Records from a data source
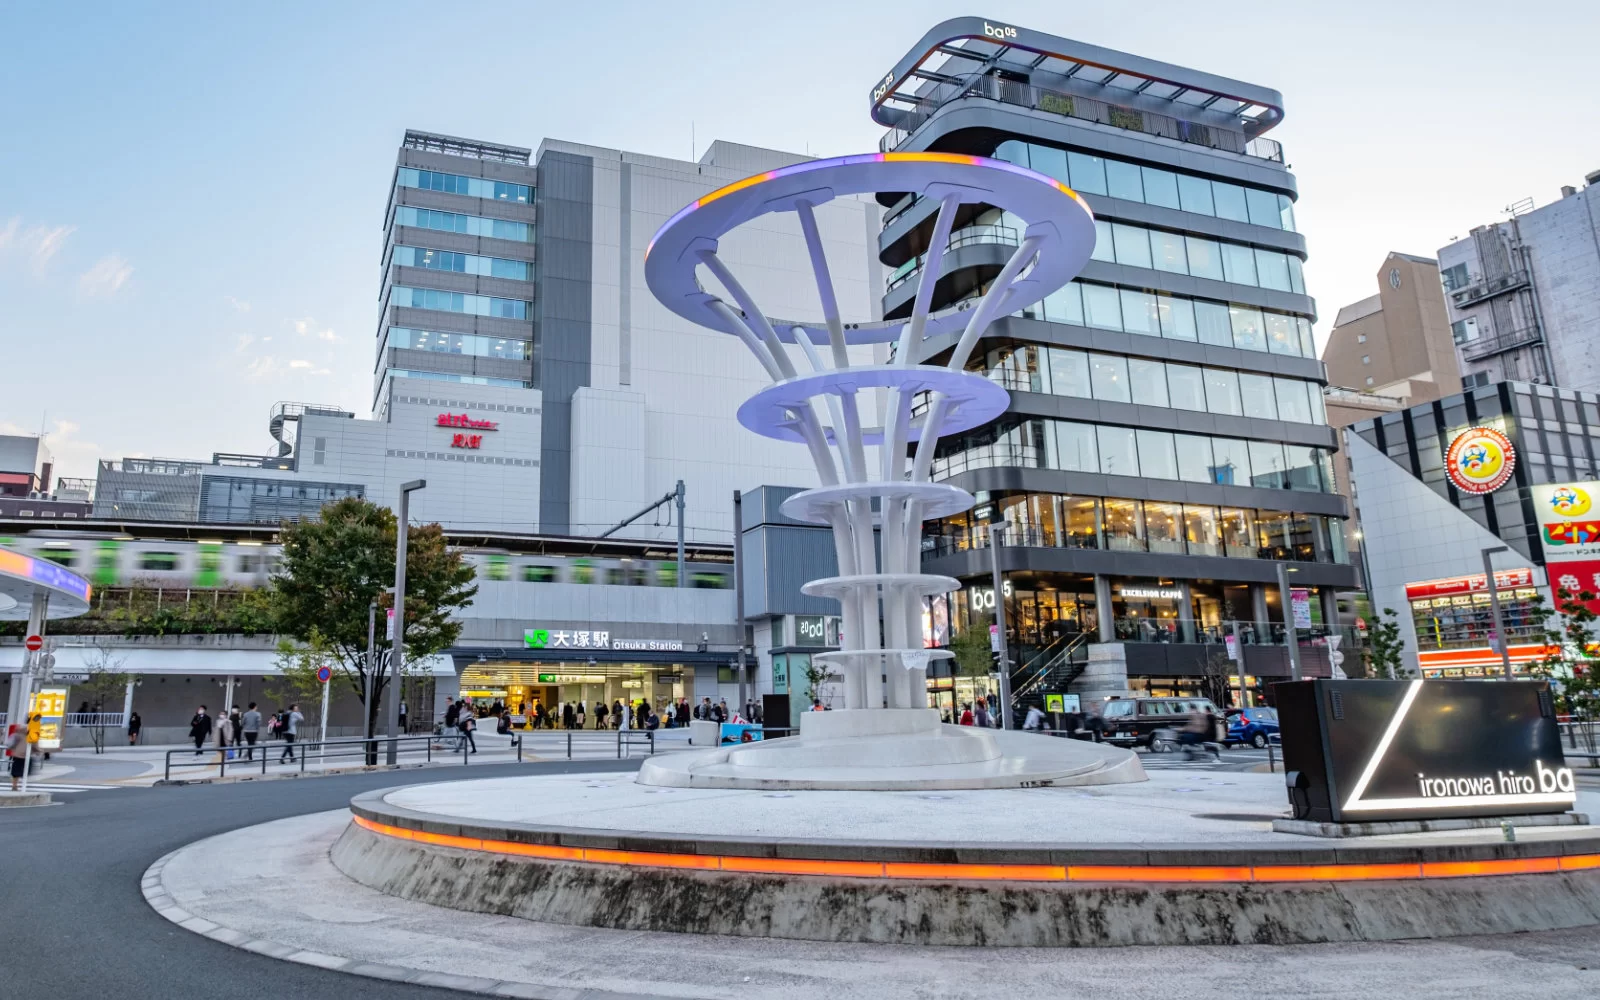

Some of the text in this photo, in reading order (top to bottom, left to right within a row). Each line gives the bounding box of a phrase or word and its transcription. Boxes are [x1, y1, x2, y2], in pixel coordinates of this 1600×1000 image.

[971, 579, 1012, 606] ba5
[1121, 588, 1159, 598] EXCELSIOR
[525, 629, 609, 648] JR 大塚駅
[649, 641, 683, 651] Station
[1418, 759, 1575, 797] ironowa hiro ba

- Work to be completed:
The pictures alone are to be left out when the data above is copied; all else must match exactly.

- Reply:
Some of the text in this photo, in reading order (top to bottom, left to right within a row). Each line gives the bounding box of a phrase or word and its transcription. Boxes are [x1, y1, x2, y2], in pixel coordinates of this 1600×1000 image.

[971, 579, 1012, 606] ba5
[1121, 588, 1159, 598] EXCELSIOR
[525, 629, 609, 648] JR 大塚駅
[649, 641, 683, 651] Station
[1418, 759, 1575, 797] ironowa hiro ba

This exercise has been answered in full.